Mel Gibson, Blood Father

Movie Review: Blood Father (2016) *Mad Mel*

Mel Gibson, Blood Father

I have not seen a Mel Gibson film in 14 years (not since Signs).  In those 14 years, Gibson directed The Passion of the Christ and Apocalypto, went racisty insane, and got backhanded by pretty much the entire world. Gibson has made a few small movies since he’s been back, and is planning to direct a sequel to The Passion of the Christ focusing on The Resurrection, but Blood Father is getting a lot of critical acclaim, so I decided to give it a chance.

Mel Gibson, Blood Father

You think it would be covered in Film Villain’s School that messing with Mel Gibson’s family in a movie is an extremely good way to die a horrible death.  If there’s a continuing theme to the movies Gibson has made it’s: if you mess with my family, I will kill you.  So in Blood Father, someone messes with Mel’s family and a body count ensues.  I too was shocked.

Perhaps the reason for a lot of the acclaim for Blood Father is that it is, in many ways, an allegory for Gibson’s journey down the rabbit hole.  He plays a wreck of an ex-con who has ruined his own life, when all of a sudden his 17-year-old daughter drops in with the Cartel on her heels, and  most of the film is simply  a chase to stay ahead of a wave of death chasing after them.  Gibson has a lot of dialogue about how he ruined his life and all the regrets he has that could be taken as a “real life on film” apology for his actions (for which there really is no apology).


William H. Macy, Blood Father

Blood Father‘s best character, and I wish there was more of him, is Gibson’s sponsor: a fellow trailer park  dead-end played by William H. Macy.  As he always does, Macy makes every scene he’s in better, and if there were more of him and less of angry, brooding Gibson, maybe I would agree with the 86% positive rating the film has on Rotten Tomatoes.  Blood Father is a pedestrian film.  It’s the kind of action movie you stumble across while flipping through the channels because you can’t sleep and watch because it requires no thought whatsoever.  I’ve seen Gibson play an angry man defending his family a dozen times (and in MUCH better films), and nothing about the rest of the supporting cast or the film’s lazy script does anything to justify the kind of praise this film is getting.
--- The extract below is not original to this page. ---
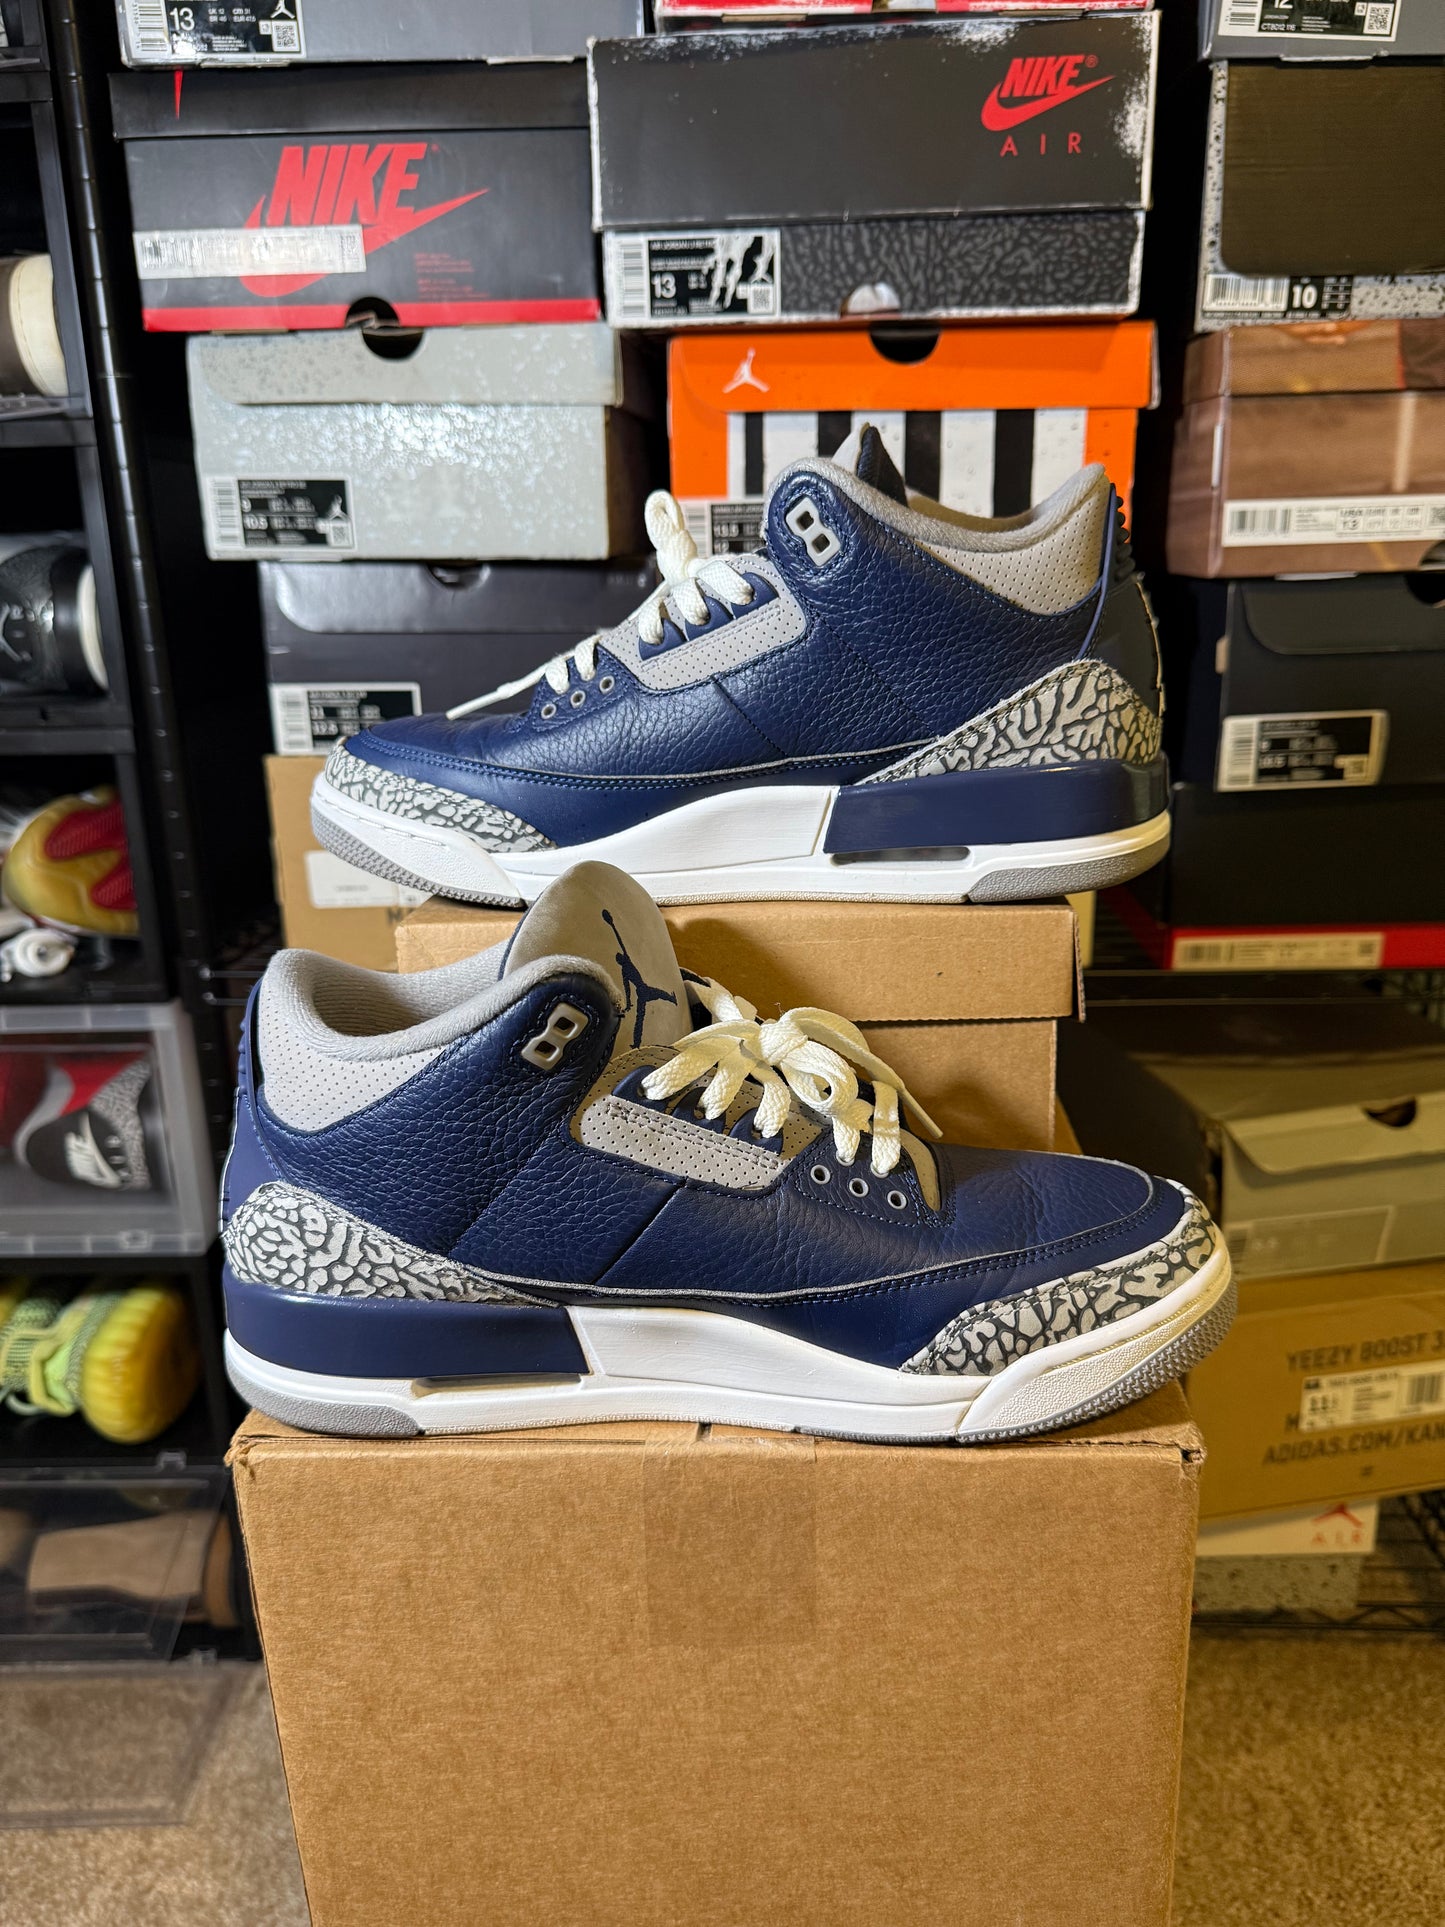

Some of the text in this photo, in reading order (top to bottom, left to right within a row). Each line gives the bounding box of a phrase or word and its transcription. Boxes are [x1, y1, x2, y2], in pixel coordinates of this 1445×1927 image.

Erin Moriarty, Mel Gibson, Blood Father

As hateful as his past actions have been, I don’t personally have any hatred for Gibson (but then I’m not in one of the umpteen groups of people he racially slurred).  If I started judging films based on what I thought of actors’ personal lives, I’d have to stop watching movies altogether.  My take on Gibson is that he’s mentally ill.  Up until his breakdown, he had worked in Hollywood for decades and had no history (that I know of) of the kind of incidents that brought down his career.  His father is clearly insane, and I think making The Passion of the Christ triggered enough biological and childhood land mines to drive him completely bonkers.  I hope he is getting help and finds his way back; I really do.  However, Blood Father is not a triumphant return to the best films of Mel’s career.  It’s just a below-average action movie whose primary attribute is that it’s only 88 minutes long.